All of the data must be output without alteration.

[Referring expression grounding data]
###
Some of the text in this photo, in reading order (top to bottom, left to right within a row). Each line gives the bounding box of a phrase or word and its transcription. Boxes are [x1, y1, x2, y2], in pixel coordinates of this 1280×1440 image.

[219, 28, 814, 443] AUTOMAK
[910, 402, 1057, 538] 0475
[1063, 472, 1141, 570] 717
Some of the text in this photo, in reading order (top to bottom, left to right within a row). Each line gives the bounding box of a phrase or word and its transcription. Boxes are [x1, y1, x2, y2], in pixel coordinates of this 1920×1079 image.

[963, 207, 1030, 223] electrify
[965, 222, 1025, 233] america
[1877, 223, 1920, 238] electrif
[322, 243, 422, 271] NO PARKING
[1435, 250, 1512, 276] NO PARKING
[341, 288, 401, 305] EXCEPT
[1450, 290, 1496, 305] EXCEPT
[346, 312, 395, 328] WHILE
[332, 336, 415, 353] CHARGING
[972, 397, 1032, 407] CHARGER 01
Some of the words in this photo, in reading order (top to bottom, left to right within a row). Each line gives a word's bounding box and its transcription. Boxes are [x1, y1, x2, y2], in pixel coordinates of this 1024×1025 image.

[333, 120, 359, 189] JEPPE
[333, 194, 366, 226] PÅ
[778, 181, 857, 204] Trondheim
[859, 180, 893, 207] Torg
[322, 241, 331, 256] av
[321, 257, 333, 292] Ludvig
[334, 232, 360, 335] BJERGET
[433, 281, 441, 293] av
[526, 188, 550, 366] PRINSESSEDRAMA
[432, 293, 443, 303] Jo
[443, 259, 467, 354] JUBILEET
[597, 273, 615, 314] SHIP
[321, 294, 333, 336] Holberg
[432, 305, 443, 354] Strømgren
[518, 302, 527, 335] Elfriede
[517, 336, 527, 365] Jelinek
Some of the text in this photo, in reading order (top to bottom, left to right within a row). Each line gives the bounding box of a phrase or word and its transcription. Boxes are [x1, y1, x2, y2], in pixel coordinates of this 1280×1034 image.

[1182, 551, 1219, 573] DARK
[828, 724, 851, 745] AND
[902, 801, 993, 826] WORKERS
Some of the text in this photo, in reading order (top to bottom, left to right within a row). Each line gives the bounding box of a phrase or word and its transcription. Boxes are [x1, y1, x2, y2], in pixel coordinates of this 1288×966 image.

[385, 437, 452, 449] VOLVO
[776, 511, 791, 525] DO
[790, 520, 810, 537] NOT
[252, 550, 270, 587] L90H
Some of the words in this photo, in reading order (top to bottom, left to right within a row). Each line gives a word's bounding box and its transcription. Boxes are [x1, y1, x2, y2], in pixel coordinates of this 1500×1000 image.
###
→ Task result:
Some of the text in this photo, in reading order (top to bottom, left to right within a row). Each line gives the bounding box of a phrase or word and its transcription. Boxes are [x1, y1, x2, y2], in pixel coordinates of this 1280×1440 image.

[219, 28, 814, 443] AUTOMAK
[910, 402, 1057, 538] 0475
[1063, 472, 1141, 570] 717
Some of the text in this photo, in reading order (top to bottom, left to right within a row). Each line gives the bounding box of a phrase or word and its transcription. Boxes are [x1, y1, x2, y2], in pixel coordinates of this 1920×1079 image.

[963, 207, 1030, 223] electrify
[965, 222, 1025, 233] america
[1877, 223, 1920, 238] electrif
[322, 243, 422, 271] NO PARKING
[1435, 250, 1512, 276] NO PARKING
[341, 288, 401, 305] EXCEPT
[1450, 290, 1496, 305] EXCEPT
[346, 312, 395, 328] WHILE
[332, 336, 415, 353] CHARGING
[972, 397, 1032, 407] CHARGER 01
Some of the words in this photo, in reading order (top to bottom, left to right within a row). Each line gives a word's bounding box and its transcription. Boxes are [x1, y1, x2, y2], in pixel coordinates of this 1024×1025 image.

[333, 120, 359, 189] JEPPE
[333, 194, 366, 226] PÅ
[778, 181, 857, 204] Trondheim
[859, 180, 893, 207] Torg
[322, 241, 331, 256] av
[321, 257, 333, 292] Ludvig
[334, 232, 360, 335] BJERGET
[433, 281, 441, 293] av
[526, 188, 550, 366] PRINSESSEDRAMA
[432, 293, 443, 303] Jo
[443, 259, 467, 354] JUBILEET
[597, 273, 615, 314] SHIP
[321, 294, 333, 336] Holberg
[432, 305, 443, 354] Strømgren
[518, 302, 527, 335] Elfriede
[517, 336, 527, 365] Jelinek
Some of the text in this photo, in reading order (top to bottom, left to right within a row). Each line gives the bounding box of a phrase or word and its transcription. Boxes are [x1, y1, x2, y2], in pixel coordinates of this 1280×1034 image.

[1182, 551, 1219, 573] DARK
[828, 724, 851, 745] AND
[902, 801, 993, 826] WORKERS
Some of the text in this photo, in reading order (top to bottom, left to right within a row). Each line gives the bounding box of a phrase or word and its transcription. Boxes are [x1, y1, x2, y2], in pixel coordinates of this 1288×966 image.

[385, 437, 452, 449] VOLVO
[776, 511, 791, 525] DO
[790, 520, 810, 537] NOT
[252, 550, 270, 587] L90H
Some of the words in this photo, in reading order (top to bottom, left to right within a row). Each line gives a word's bounding box and its transcription. Boxes are [x1, y1, x2, y2], in pixel coordinates of this 1500×1000 image.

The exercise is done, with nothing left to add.